For three years after his graduation he taught nationality knowledge at Benedek Elek Nursery College of Sopron, between 1995 and 1997 he worked as a teaching assistant at the Dániel Berzsenyi College of Szombathely at the German Language and Literature Department, then as an adjunct. In 1997, he started to teach at the University of Veszprém, where he was a senior adjunct at the Department of German Language and Literature. In 1999, he left Veszprém and started his doctoral studies at the German Doctoral School of Eötvös Loránd University. In addition, he worked at the Faculty of Humanities of the Eötvös Loránd University as an adjunct professor at the German Institute. He was appointed university docent in 2007 and habilitated in 2010. Between 2011 and 2015, he was Deputy Strategic Dean of the Faculty of Arts, and from 2012 to 2016, he was a member of the University Senate. Between 2014 and 2017 he held the position of Deputy Director of Eötvös Loránd University, Faculty of Arts, German Institute. In addition to his work in Hungary, he was a guest lecturer and researcher at a number of German and Austrian universities (Greifswald, Bonn, Vienna, Tübingen, Marburg, Regensburg).

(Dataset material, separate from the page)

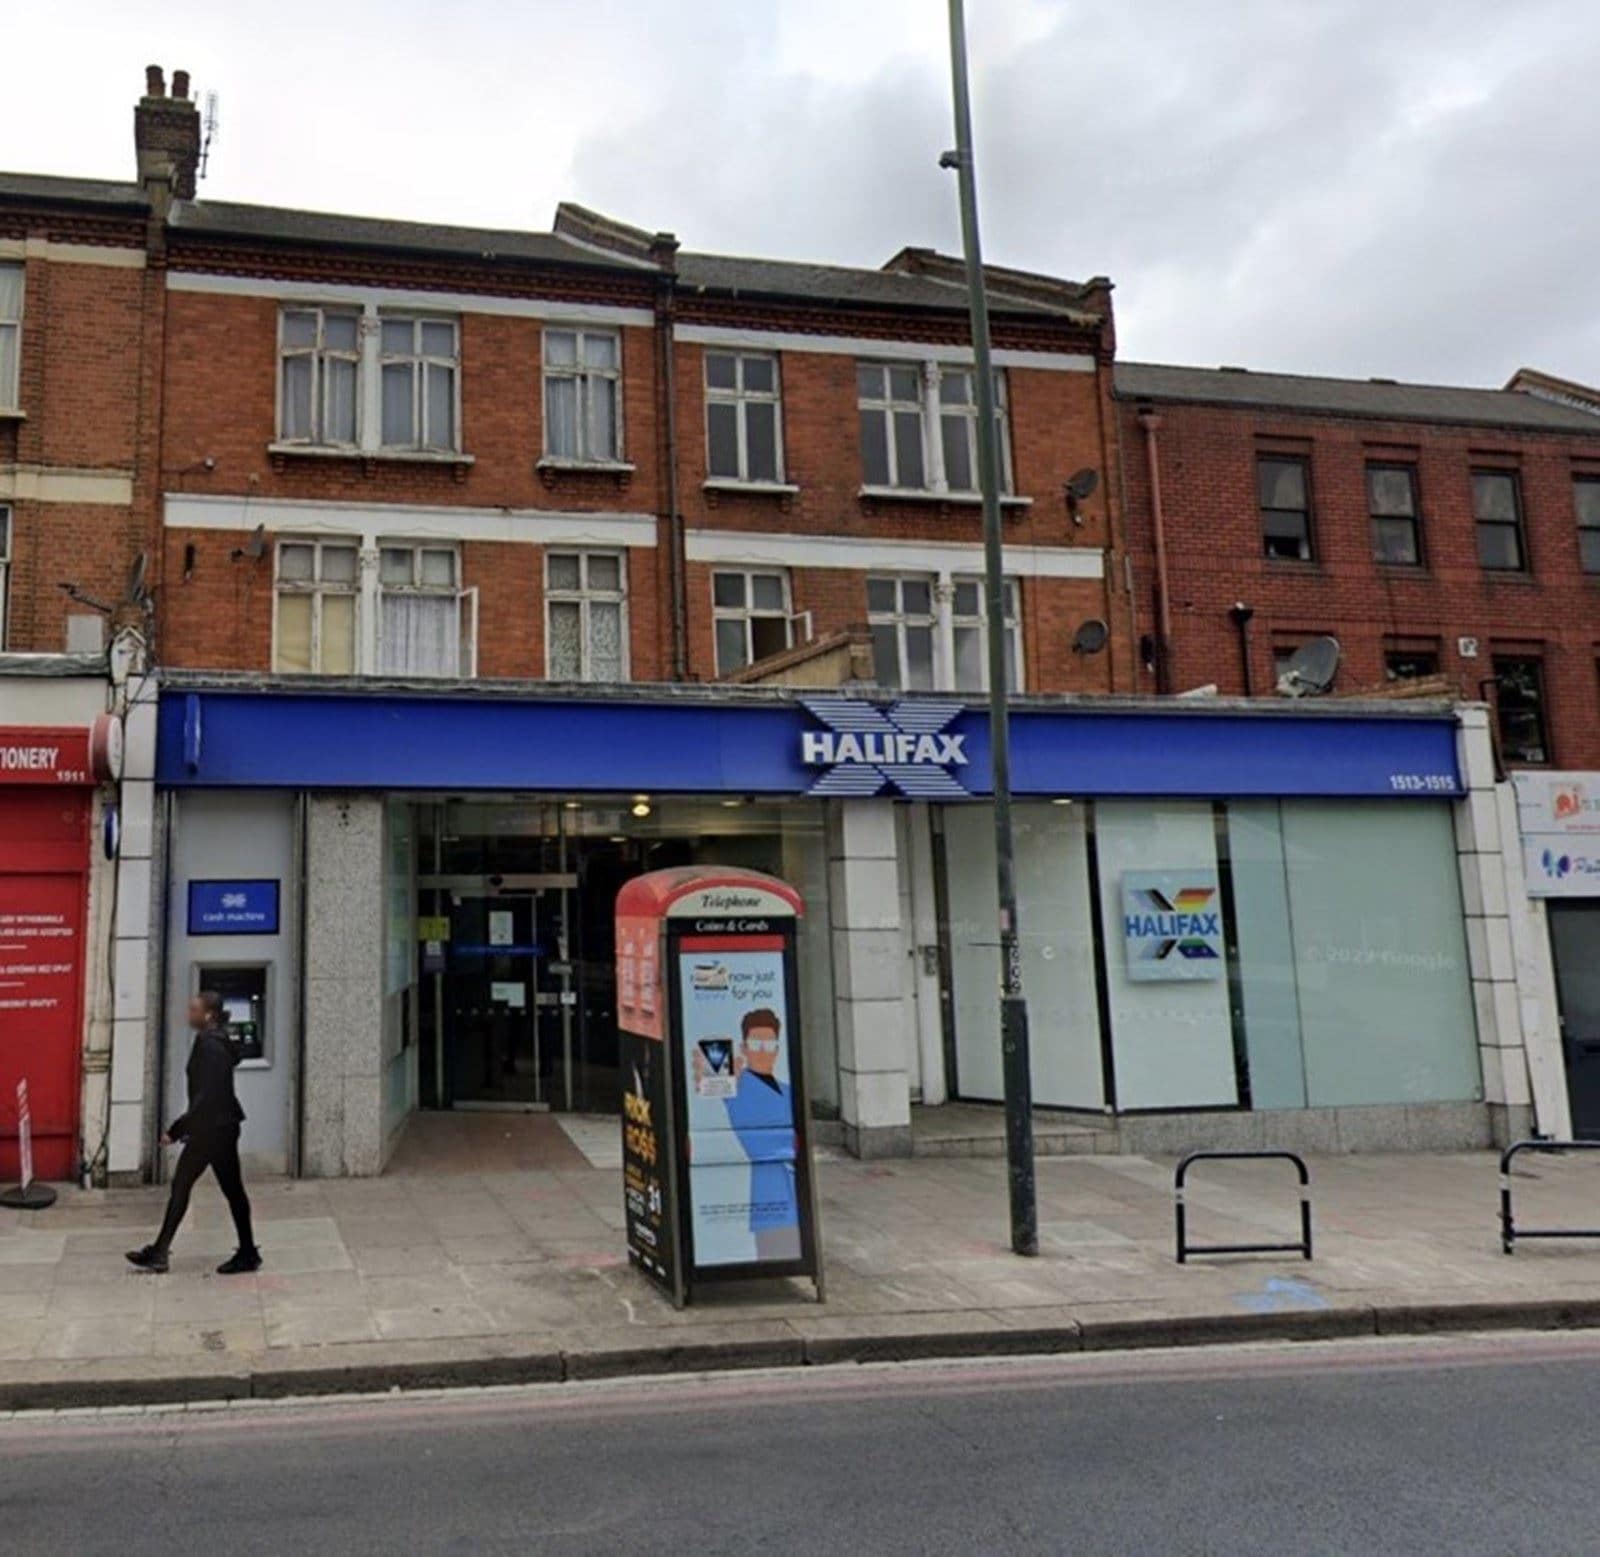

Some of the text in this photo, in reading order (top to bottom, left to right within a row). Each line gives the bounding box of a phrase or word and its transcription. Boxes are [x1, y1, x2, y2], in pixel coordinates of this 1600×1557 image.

In 2002, he defended his PhD thesis. He became a member of the Linguistics Committee of the Hungarian Academy of Sciences. He is also a member of several scientific associations: Hungarian Germanist Association, International German Dialectological Society (Central German Dialectological Society), Central European German Association (Mitteleuropäischer Germanistenverband), German Central, Eastern, and South-East Europe Central-Research Scientific Adviser, University of Regensburg. He is also a board member of the international editorial board of the online magazine INTRALINEA and a member of the chairman's committee of the publisher of Wiener Sprachblatt. He publishes his scientific publications in Hungarian, German, and English.

== Political career ==
After the end of communism in Hungary, Brenner became an active participant in German national life in Hungary; between 1992 and 1994, he was the head of the Sopron office of the Hungarian Germans' Association. He then became a member of the National Self-Government of Germans in Hungary. From 1996 to 2017, he represented the MNOÖ (the National Self-Government of German in Hungary) in the Federal Union of European Nationalities (FUEN). In 1998, he also became a member of the Association of German Writers and Artists in Hungary (VudAK). In 2015, he also became active in national politics and became an education and foreign affairs expert for the Jobbik, and then in 2017, it was announced that the party would be a Sopron candidate in the 2018 parliamentary elections, which led to his resignation from MNOÖ. He was behind the Fidesz candidate (Attila Barcza) in the election, but won a seat on the national list. In addition, to his foreign affairs committee in Parliament, he will be a member of the national cohesion committee until 2020, and a member of the legislative committee from April 2020. Since the end of 2018, he has held the position of deputy leader of the Parliamentary Group of Jobbik. He is a member of the Parliamentary Assembly of the Council of Europe, where his foreign policy focuses on the protection of national minorities and education policy. Member of the Committee on Culture, Education, and the Media, rapporteur on academic freedom and university autonomy.

After Fidesz tried to hinder his election by not providing a quorum for the parliamentary vote, he was elected for the third run by 109 votes to 1, with 1 abstention.

Brenner was the Jobbik's candidate for Mayor of Budapest in the 2024 mayoral election. He withdrew his candidacy and endorsed independent candidate Dávid Vitézy on 19 April 2024.